(Collected data)
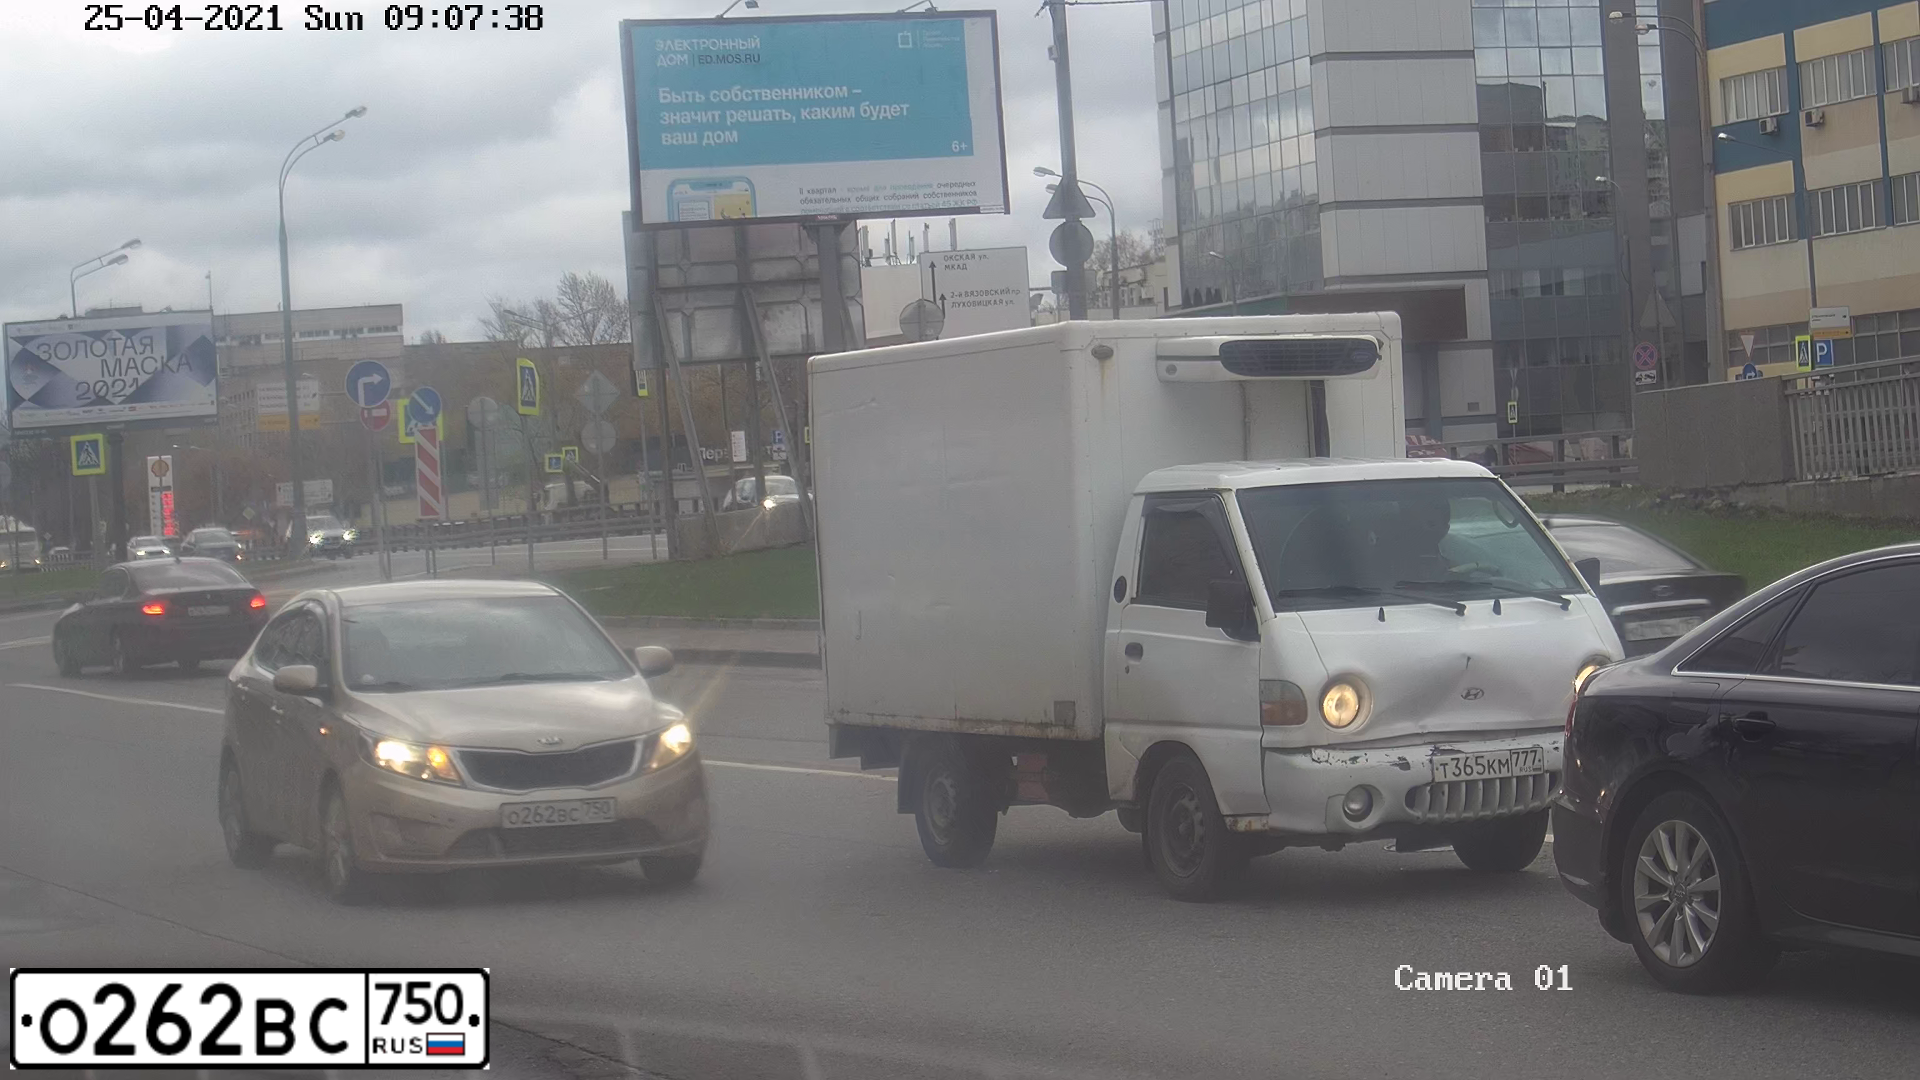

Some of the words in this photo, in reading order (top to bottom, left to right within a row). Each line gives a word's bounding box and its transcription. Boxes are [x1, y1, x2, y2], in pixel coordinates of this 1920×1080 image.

[655, 35, 761, 51] ЭЛЕКТРОННЫЙ
[657, 53, 689, 67] ДОМ
[698, 53, 761, 65] ED.MOS.RU
[658, 87, 705, 103] Быть
[709, 85, 848, 103] собственником
[659, 110, 721, 125] значит
[725, 107, 796, 126] решать,
[801, 104, 856, 121] каким
[859, 101, 910, 120] будет
[661, 131, 698, 146] ваш
[702, 130, 739, 147] дом
[951, 140, 968, 152] 6+
[807, 186, 837, 197] квартал
[937, 180, 976, 190] очередных
[800, 195, 851, 206] обязательных
[855, 194, 880, 204] общих
[883, 192, 919, 202] собраний
[923, 189, 978, 200] собственников
[943, 253, 976, 262] ОКСКАЯ
[944, 263, 968, 272] МКАД
[950, 291, 963, 299] 2-й
[964, 287, 1011, 299] ВЯЗОВСКИЙ
[37, 335, 155, 361] ЗОЛОТАЯ
[101, 355, 193, 378] МАСКА
[76, 377, 140, 401] 2021
[1439, 755, 1510, 779] Т365КМ
[1511, 750, 1538, 768] 777
[508, 806, 580, 825] О262ВС
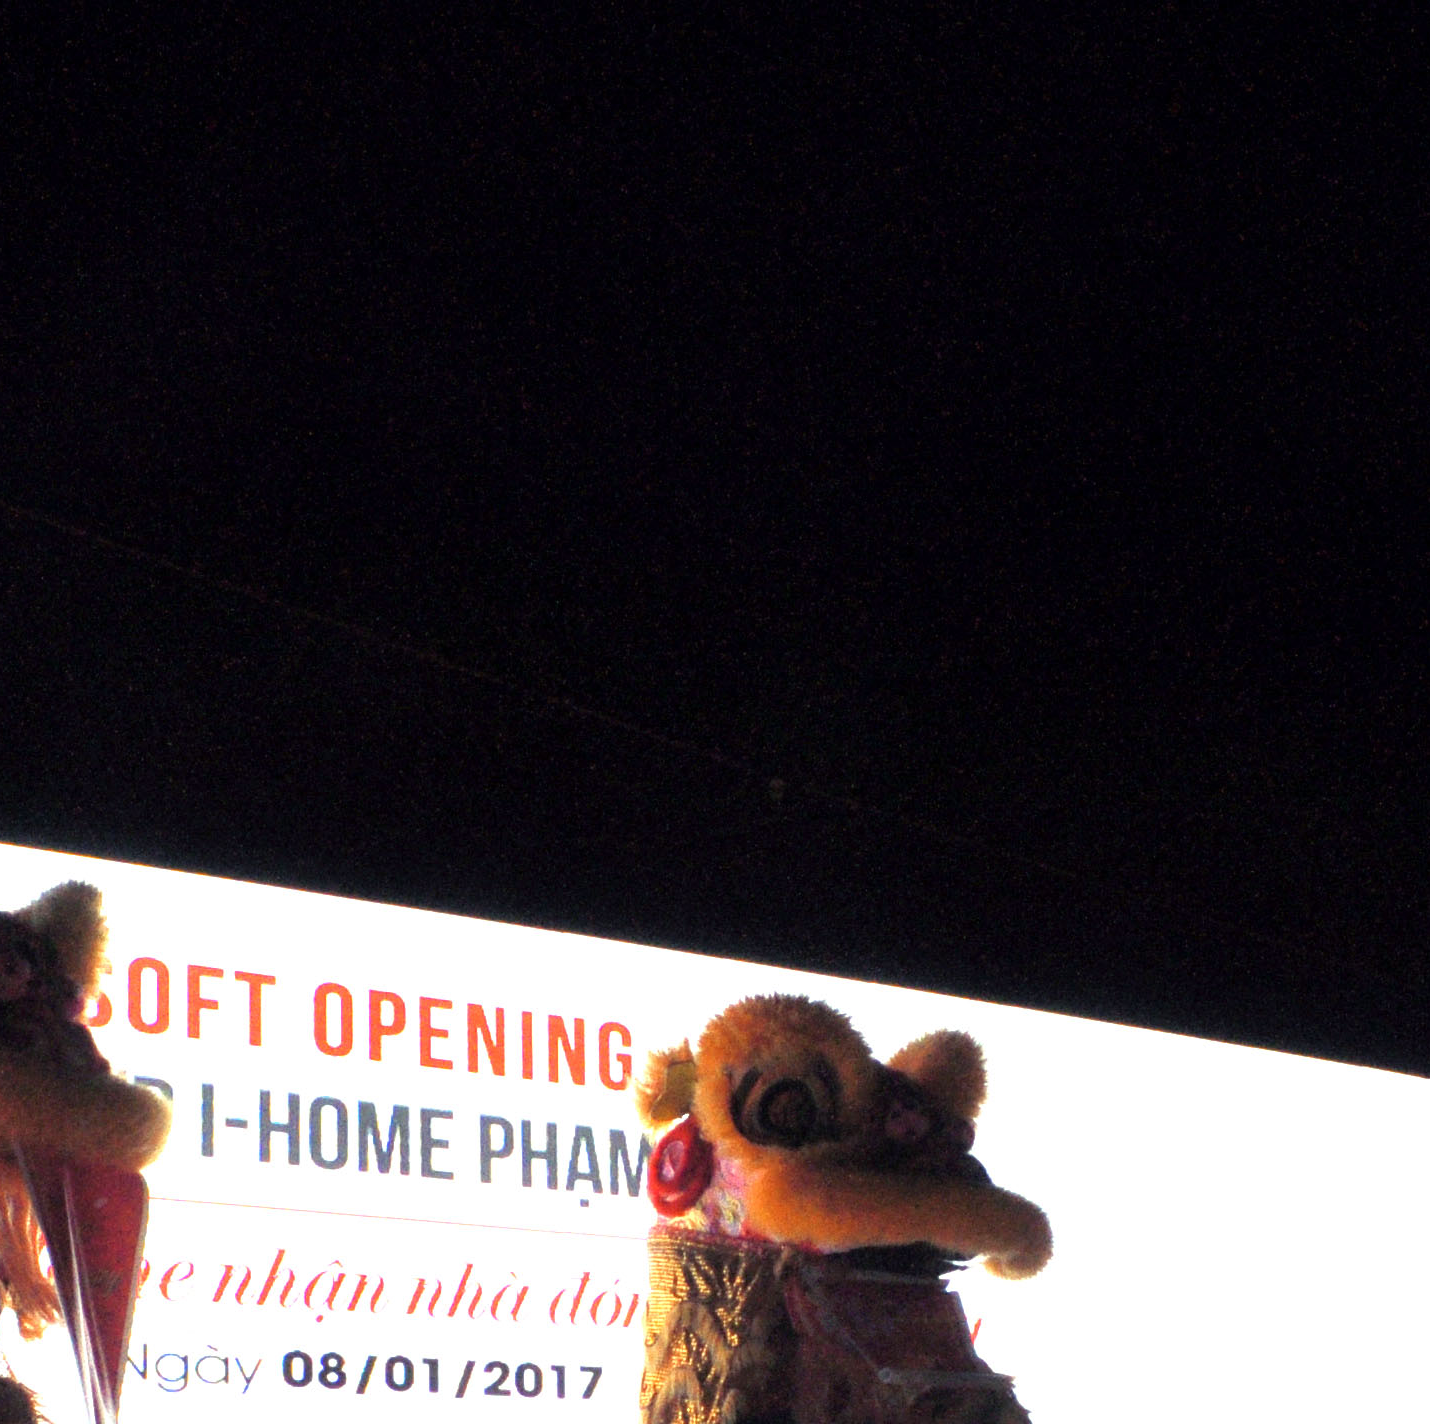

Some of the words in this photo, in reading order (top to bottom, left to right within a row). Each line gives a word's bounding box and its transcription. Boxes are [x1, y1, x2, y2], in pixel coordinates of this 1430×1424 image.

[314, 983, 632, 1091] OPENING
[201, 1083, 454, 1180] I-HOME
[480, 1114, 652, 1207] PHẠM
[213, 1248, 389, 1323] nhận
[407, 1264, 529, 1322] nhà
[127, 1343, 262, 1394] Ngày
[282, 1349, 603, 1400] 08/01/2017
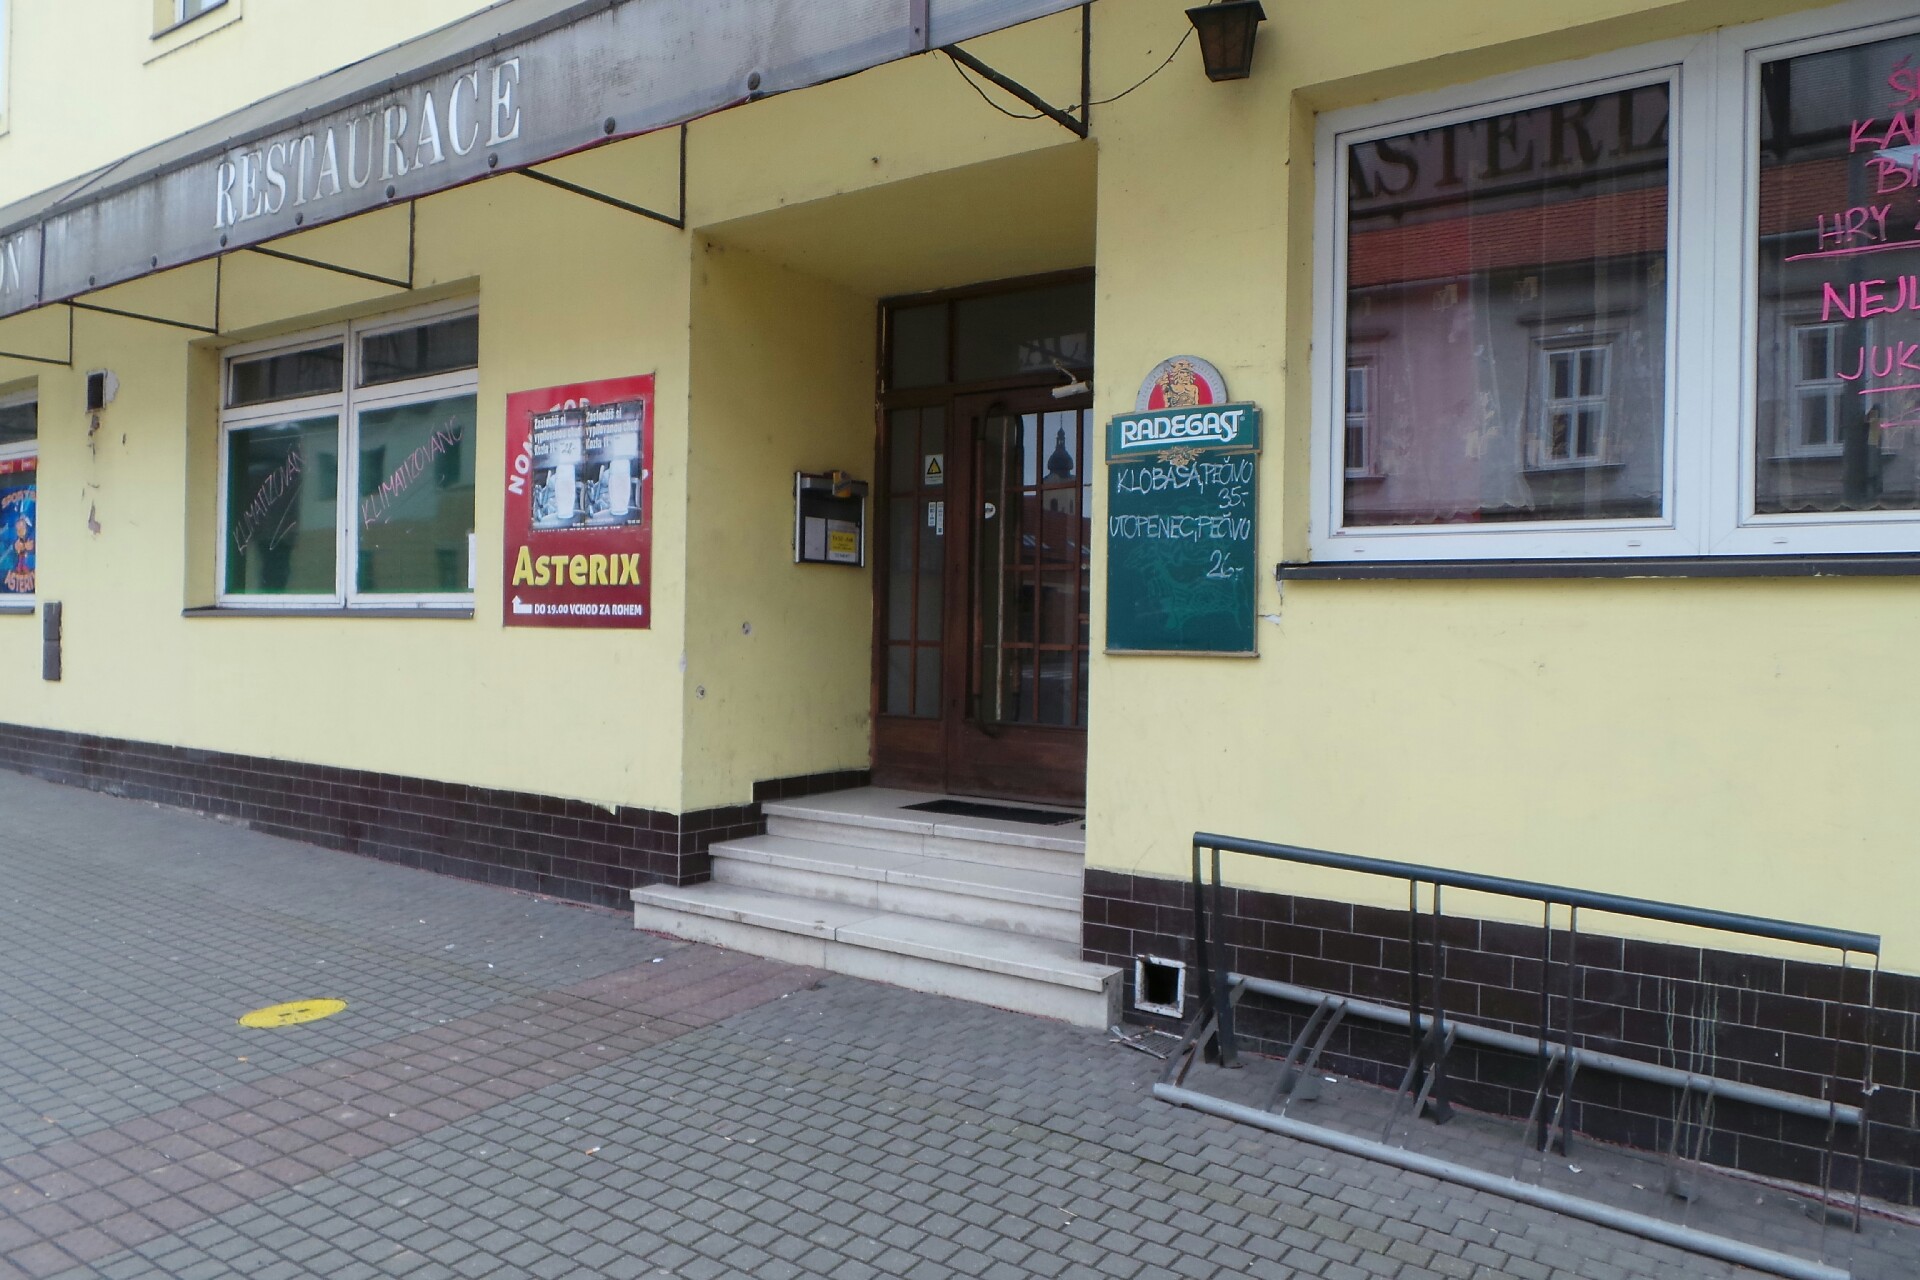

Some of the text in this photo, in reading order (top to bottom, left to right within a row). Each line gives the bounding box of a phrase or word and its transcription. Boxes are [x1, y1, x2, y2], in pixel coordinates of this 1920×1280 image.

[1888, 53, 1920, 109] Š
[213, 57, 520, 229] RESTAURACE
[1349, 85, 1669, 200] STERI
[1850, 108, 1920, 153] KA
[1818, 203, 1891, 250] HRY
[0, 236, 23, 295] N
[1121, 409, 1243, 449] RADEGAST
[534, 603, 642, 616] DO 19.00 VCHOD ZA ROHEM

Aim of the task: Output all of the entries once more, word for word, with the images removed.

Response below:
Some of the words in this photo, in reading order (top to bottom, left to right within a row). Each line gives a word's bounding box and its transcription. Boxes are [x1, y1, x2, y2], in pixel coordinates of this 1920×1080 image.

[655, 35, 761, 51] ЭЛЕКТРОННЫЙ
[657, 53, 689, 67] ДОМ
[698, 53, 761, 65] ED.MOS.RU
[658, 87, 705, 103] Быть
[709, 85, 848, 103] собственником
[659, 110, 721, 125] значит
[725, 107, 796, 126] решать,
[801, 104, 856, 121] каким
[859, 101, 910, 120] будет
[661, 131, 698, 146] ваш
[702, 130, 739, 147] дом
[951, 140, 968, 152] 6+
[807, 186, 837, 197] квартал
[937, 180, 976, 190] очередных
[800, 195, 851, 206] обязательных
[855, 194, 880, 204] общих
[883, 192, 919, 202] собраний
[923, 189, 978, 200] собственников
[943, 253, 976, 262] ОКСКАЯ
[944, 263, 968, 272] МКАД
[950, 291, 963, 299] 2-й
[964, 287, 1011, 299] ВЯЗОВСКИЙ
[37, 335, 155, 361] ЗОЛОТАЯ
[101, 355, 193, 378] МАСКА
[76, 377, 140, 401] 2021
[1439, 755, 1510, 779] Т365КМ
[1511, 750, 1538, 768] 777
[508, 806, 580, 825] О262ВС

Some of the words in this photo, in reading order (top to bottom, left to right within a row). Each line gives a word's bounding box and its transcription. Boxes are [x1, y1, x2, y2], in pixel coordinates of this 1430×1424 image.

[314, 983, 632, 1091] OPENING
[201, 1083, 454, 1180] I-HOME
[480, 1114, 652, 1207] PHẠM
[213, 1248, 389, 1323] nhận
[407, 1264, 529, 1322] nhà
[127, 1343, 262, 1394] Ngày
[282, 1349, 603, 1400] 08/01/2017

Some of the text in this photo, in reading order (top to bottom, left to right within a row). Each line gives the bounding box of a phrase or word and its transcription. Boxes are [x1, y1, x2, y2], in pixel coordinates of this 1920×1280 image.

[1888, 53, 1920, 109] Š
[213, 57, 520, 229] RESTAURACE
[1349, 85, 1669, 200] STERI
[1850, 108, 1920, 153] KA
[1818, 203, 1891, 250] HRY
[0, 236, 23, 295] N
[1121, 409, 1243, 449] RADEGAST
[534, 603, 642, 616] DO 19.00 VCHOD ZA ROHEM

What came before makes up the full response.